Stabilizing and destabilizing interactions between Fat and Ds- The authors describe a distal accumulation of Fat protein in the wing, and show that this is unlikely to be through Fat transcription. They further try to test whether the distal accumulation depends on destabilization of proximal Fat by proximal Ds by looking at Fat in ds mutant discs. However, the authors do not describe how they take into account the stabilizing effects of heterophilic binding between the extracellular domains (ECDs) of Fat and Ds; without one, the junctional levels and stability of the other is reduced (Ma et al., 2003; Hale et al. 2015). So when they show that the A-P gradient of Fat is reduced in a ds mutant, is this because of the loss of a destabilizing effect of Ds on Fat, as they assume, or is it because all junctional Fat has been destabilized by loss of extracelluarlar binding to Ds? The description of the Fat gradient in Ds mutants is also confusing (see note 6 below), making this section difficult for the reader to follow.
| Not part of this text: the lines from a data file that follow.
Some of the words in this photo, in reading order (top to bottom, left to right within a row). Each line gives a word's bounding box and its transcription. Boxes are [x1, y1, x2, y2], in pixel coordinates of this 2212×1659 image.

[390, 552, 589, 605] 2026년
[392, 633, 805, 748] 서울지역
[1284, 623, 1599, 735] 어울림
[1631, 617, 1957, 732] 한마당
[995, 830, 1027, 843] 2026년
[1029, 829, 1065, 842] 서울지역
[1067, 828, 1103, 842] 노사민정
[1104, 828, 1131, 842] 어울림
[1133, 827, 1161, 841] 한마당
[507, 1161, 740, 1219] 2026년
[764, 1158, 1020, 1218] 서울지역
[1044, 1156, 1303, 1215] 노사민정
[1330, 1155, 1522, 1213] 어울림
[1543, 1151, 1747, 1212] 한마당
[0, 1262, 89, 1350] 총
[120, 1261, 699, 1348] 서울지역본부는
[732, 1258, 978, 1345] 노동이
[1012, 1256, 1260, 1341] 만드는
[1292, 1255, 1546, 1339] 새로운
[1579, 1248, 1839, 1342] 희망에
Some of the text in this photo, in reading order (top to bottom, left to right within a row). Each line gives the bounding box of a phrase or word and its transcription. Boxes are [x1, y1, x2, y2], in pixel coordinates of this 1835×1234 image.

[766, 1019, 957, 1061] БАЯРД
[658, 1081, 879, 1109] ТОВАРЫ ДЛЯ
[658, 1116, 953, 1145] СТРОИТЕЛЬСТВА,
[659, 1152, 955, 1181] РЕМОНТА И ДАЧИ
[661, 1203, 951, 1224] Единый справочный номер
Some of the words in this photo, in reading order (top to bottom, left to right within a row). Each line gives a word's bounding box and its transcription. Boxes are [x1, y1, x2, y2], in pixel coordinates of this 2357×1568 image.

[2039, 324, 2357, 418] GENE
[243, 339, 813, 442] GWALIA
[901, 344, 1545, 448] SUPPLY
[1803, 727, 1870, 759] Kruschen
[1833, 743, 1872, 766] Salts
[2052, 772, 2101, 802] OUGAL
We did not intend to imply that Ds actively inhibits Fat. We now describe the implications of the result more clearly in the Results and Discussion with reference to the prior Hale and Ma study of heterophilic stabilization. It is worth noting that Ma et al 2003 saw elevated junctional Fat in ds mutant cells if they were surrounded by other ds mutant cells. This is consistent with our results. We also apologize for the confusion in describing the Fat gradient and have reworded the section in the Results to make it more clear.

The authors do not propose or test a mechanism for the proposed destabilization. Fat and Ds bind not only through their ECDs, but binding has now also been demonstrated through their ICDs (Fulford et al. 2023)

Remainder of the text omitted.